L’ancien président du Wydad de Casablanca, Saïd Naciri a été longuement entendu ce vendredi par la chambre criminelle de première instance de la Cour d’appel de Casablanca, dans le cadre du très médiatisé dossier dit de l’« Escobar du Sahara », selon Assabah.
Devant le magistrat Ali Torchi, Saïd Naciri a livré sa propre lecture d’une série de transactions immobilières jugées suspectes, en particulier celle liée à la villa d’Ahmad Ahmad, ancien président de la Confédération africaine de football. Selon ses déclarations relayées par Assabah, il n’aurait agi qu’en tant que simple facilitateur, insistant sur le fait que l’opération impliquait un haut responsable d’envergure internationale, et qu’il aurait consulté certaines autorités, qu’il n’a toutefois pas nommées, avant de s’y engager.

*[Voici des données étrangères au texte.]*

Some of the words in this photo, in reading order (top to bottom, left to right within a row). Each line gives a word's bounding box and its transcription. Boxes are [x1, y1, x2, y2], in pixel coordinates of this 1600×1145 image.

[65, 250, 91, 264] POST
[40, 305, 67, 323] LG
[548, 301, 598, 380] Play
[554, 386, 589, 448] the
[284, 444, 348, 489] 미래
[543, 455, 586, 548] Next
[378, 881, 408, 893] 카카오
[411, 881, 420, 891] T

Il a par ailleurs précisé que le projet initial portait sur la cession d’un appartement à Casablanca, mais que la demande du dirigeant malgache avait finalement porté sur une villa. Une rencontre à Rabat aurait scellé cet accord, accompagnée d’un versement d’environ six millions de dirhams.
Durant son audition, qui a duré près de deux heures et demie, Naciri est également revenu sur l’achat d’un bien appartenant à Belkacem Mir via une société qu’il aurait créée en 2017. Il s’est présenté comme une victime, suggérant l’existence de manœuvres orchestrées à son encontre, notamment autour de documents fournis à la police par le supposé baron de la drogue surnommé « Escobar du Sahara ».

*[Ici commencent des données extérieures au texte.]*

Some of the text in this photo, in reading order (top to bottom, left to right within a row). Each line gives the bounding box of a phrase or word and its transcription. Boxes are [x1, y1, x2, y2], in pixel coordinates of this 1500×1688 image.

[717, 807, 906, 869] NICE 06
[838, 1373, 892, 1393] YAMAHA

Interrogé sur la nature de ses relations avec cet individu d’origine malienne, Naciri a expliqué l’avoir rencontré en 2013, dans un appartement dont il a ensuite appris qu’il appartenait à Abdenbi Bioui, ancien président du conseil régional de l’Oriental.

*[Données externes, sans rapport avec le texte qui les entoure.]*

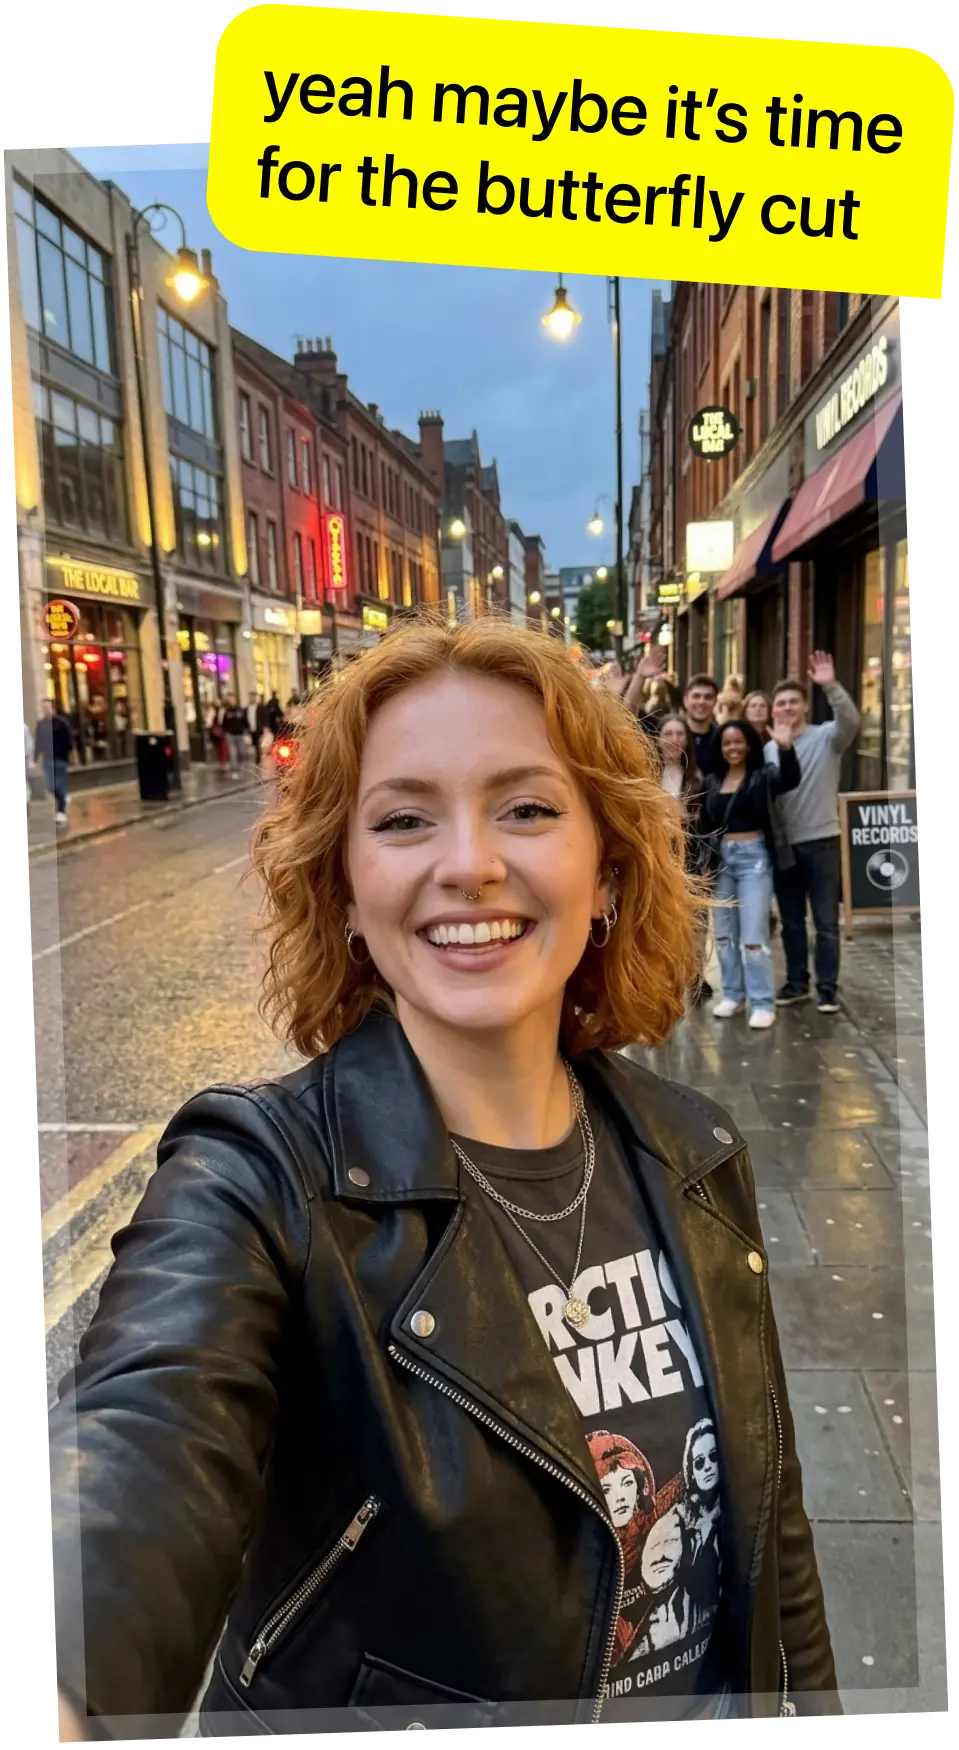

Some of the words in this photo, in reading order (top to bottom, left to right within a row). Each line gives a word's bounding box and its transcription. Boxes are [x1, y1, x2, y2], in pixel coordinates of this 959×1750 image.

[702, 411, 725, 425] THE
[61, 566, 85, 591] THE
[84, 570, 120, 597] LOCAL
[858, 803, 913, 826] VINYL
[851, 824, 919, 846] RECORDS

Quant à une autre affaire évoquée par la justice – celle de la vente litigieuse de biens immobiliers appartenant à l’ex-épouse de Bioui, dont une villa à Casablanca et un appartement à Oujda –, Naciri a nié toute implication directe. Il a toutefois laissé entendre que les protagonistes de cette transaction seraient plutôt Bioui lui-même et Belkacem Mir.
À mesure que les audiences se succèdent, les contours de ce dossier tentaculaire semblent se préciser, avec des révélations qui pourraient encore ébranler plusieurs cercles de pouvoir, selon Assabah.